■ Task instructions ■
Leaving out every line before the one with "this 1250×1566 image.", write out the rest of the records below exactly.

Entries taken from a collection
------

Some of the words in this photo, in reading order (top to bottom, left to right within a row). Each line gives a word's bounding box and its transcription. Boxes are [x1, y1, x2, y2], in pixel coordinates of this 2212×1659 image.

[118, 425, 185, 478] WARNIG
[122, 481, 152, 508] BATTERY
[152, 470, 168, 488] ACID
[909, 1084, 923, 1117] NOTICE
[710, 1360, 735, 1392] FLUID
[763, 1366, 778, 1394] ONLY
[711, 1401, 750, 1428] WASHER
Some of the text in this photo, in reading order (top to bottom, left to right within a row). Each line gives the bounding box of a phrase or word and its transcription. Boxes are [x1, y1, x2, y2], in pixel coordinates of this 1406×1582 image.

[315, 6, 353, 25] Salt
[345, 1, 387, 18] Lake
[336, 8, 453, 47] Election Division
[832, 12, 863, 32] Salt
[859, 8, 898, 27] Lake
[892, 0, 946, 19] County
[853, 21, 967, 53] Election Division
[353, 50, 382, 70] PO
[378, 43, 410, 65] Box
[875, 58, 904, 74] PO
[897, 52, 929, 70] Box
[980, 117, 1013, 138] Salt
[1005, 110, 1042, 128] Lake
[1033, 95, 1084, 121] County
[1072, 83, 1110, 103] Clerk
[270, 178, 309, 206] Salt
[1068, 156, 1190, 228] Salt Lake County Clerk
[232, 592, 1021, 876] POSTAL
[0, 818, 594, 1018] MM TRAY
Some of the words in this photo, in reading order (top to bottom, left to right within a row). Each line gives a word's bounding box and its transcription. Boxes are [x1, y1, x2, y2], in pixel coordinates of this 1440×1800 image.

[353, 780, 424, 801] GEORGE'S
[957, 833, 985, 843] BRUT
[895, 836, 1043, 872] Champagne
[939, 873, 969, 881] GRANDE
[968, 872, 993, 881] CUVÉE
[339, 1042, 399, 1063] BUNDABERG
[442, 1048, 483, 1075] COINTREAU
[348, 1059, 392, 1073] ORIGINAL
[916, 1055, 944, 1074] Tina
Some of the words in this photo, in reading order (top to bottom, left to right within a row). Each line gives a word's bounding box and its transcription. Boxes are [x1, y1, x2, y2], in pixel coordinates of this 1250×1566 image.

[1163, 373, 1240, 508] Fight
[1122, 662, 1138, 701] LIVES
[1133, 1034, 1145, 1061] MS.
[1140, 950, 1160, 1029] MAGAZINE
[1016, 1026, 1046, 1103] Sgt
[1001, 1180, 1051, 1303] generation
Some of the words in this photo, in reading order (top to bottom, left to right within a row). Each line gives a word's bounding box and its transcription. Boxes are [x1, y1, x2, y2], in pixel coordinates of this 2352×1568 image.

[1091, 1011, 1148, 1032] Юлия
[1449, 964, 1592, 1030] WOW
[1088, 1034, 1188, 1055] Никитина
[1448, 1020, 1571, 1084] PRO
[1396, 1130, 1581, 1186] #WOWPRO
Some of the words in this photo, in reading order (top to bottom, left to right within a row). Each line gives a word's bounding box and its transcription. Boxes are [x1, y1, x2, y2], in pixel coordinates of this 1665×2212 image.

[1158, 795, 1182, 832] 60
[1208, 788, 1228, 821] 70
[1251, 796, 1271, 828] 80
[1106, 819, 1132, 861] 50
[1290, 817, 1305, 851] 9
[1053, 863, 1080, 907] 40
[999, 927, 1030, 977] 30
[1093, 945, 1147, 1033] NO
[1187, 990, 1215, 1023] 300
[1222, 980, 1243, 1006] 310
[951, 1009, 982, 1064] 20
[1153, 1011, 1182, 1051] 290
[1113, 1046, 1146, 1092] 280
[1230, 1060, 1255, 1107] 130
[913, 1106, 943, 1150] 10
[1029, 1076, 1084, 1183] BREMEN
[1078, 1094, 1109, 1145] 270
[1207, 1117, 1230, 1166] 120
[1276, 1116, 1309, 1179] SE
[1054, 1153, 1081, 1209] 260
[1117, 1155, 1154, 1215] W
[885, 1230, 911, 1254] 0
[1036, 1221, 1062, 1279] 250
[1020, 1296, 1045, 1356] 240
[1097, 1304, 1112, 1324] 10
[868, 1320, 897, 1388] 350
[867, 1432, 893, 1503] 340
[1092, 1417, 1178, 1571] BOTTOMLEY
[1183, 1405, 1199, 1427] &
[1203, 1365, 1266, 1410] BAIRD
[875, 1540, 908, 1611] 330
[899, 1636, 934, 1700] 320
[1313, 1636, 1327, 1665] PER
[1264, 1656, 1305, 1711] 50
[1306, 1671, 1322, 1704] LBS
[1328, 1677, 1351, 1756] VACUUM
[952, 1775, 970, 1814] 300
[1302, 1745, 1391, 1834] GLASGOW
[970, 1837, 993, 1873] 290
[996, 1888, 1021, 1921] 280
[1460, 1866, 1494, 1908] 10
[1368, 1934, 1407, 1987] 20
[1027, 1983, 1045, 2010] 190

------

■ Output below ■
Some of the words in this photo, in reading order (top to bottom, left to right within a row). Each line gives a word's bounding box and its transcription. Boxes are [x1, y1, x2, y2], in pixel coordinates of this 1250×1566 image.

[1163, 373, 1240, 508] Fight
[1122, 662, 1138, 701] LIVES
[1133, 1034, 1145, 1061] MS.
[1140, 950, 1160, 1029] MAGAZINE
[1016, 1026, 1046, 1103] Sgt
[1001, 1180, 1051, 1303] generation
Some of the words in this photo, in reading order (top to bottom, left to right within a row). Each line gives a word's bounding box and its transcription. Boxes are [x1, y1, x2, y2], in pixel coordinates of this 2352×1568 image.

[1091, 1011, 1148, 1032] Юлия
[1449, 964, 1592, 1030] WOW
[1088, 1034, 1188, 1055] Никитина
[1448, 1020, 1571, 1084] PRO
[1396, 1130, 1581, 1186] #WOWPRO
Some of the words in this photo, in reading order (top to bottom, left to right within a row). Each line gives a word's bounding box and its transcription. Boxes are [x1, y1, x2, y2], in pixel coordinates of this 1665×2212 image.

[1158, 795, 1182, 832] 60
[1208, 788, 1228, 821] 70
[1251, 796, 1271, 828] 80
[1106, 819, 1132, 861] 50
[1290, 817, 1305, 851] 9
[1053, 863, 1080, 907] 40
[999, 927, 1030, 977] 30
[1093, 945, 1147, 1033] NO
[1187, 990, 1215, 1023] 300
[1222, 980, 1243, 1006] 310
[951, 1009, 982, 1064] 20
[1153, 1011, 1182, 1051] 290
[1113, 1046, 1146, 1092] 280
[1230, 1060, 1255, 1107] 130
[913, 1106, 943, 1150] 10
[1029, 1076, 1084, 1183] BREMEN
[1078, 1094, 1109, 1145] 270
[1207, 1117, 1230, 1166] 120
[1276, 1116, 1309, 1179] SE
[1054, 1153, 1081, 1209] 260
[1117, 1155, 1154, 1215] W
[885, 1230, 911, 1254] 0
[1036, 1221, 1062, 1279] 250
[1020, 1296, 1045, 1356] 240
[1097, 1304, 1112, 1324] 10
[868, 1320, 897, 1388] 350
[867, 1432, 893, 1503] 340
[1092, 1417, 1178, 1571] BOTTOMLEY
[1183, 1405, 1199, 1427] &
[1203, 1365, 1266, 1410] BAIRD
[875, 1540, 908, 1611] 330
[899, 1636, 934, 1700] 320
[1313, 1636, 1327, 1665] PER
[1264, 1656, 1305, 1711] 50
[1306, 1671, 1322, 1704] LBS
[1328, 1677, 1351, 1756] VACUUM
[952, 1775, 970, 1814] 300
[1302, 1745, 1391, 1834] GLASGOW
[970, 1837, 993, 1873] 290
[996, 1888, 1021, 1921] 280
[1460, 1866, 1494, 1908] 10
[1368, 1934, 1407, 1987] 20
[1027, 1983, 1045, 2010] 190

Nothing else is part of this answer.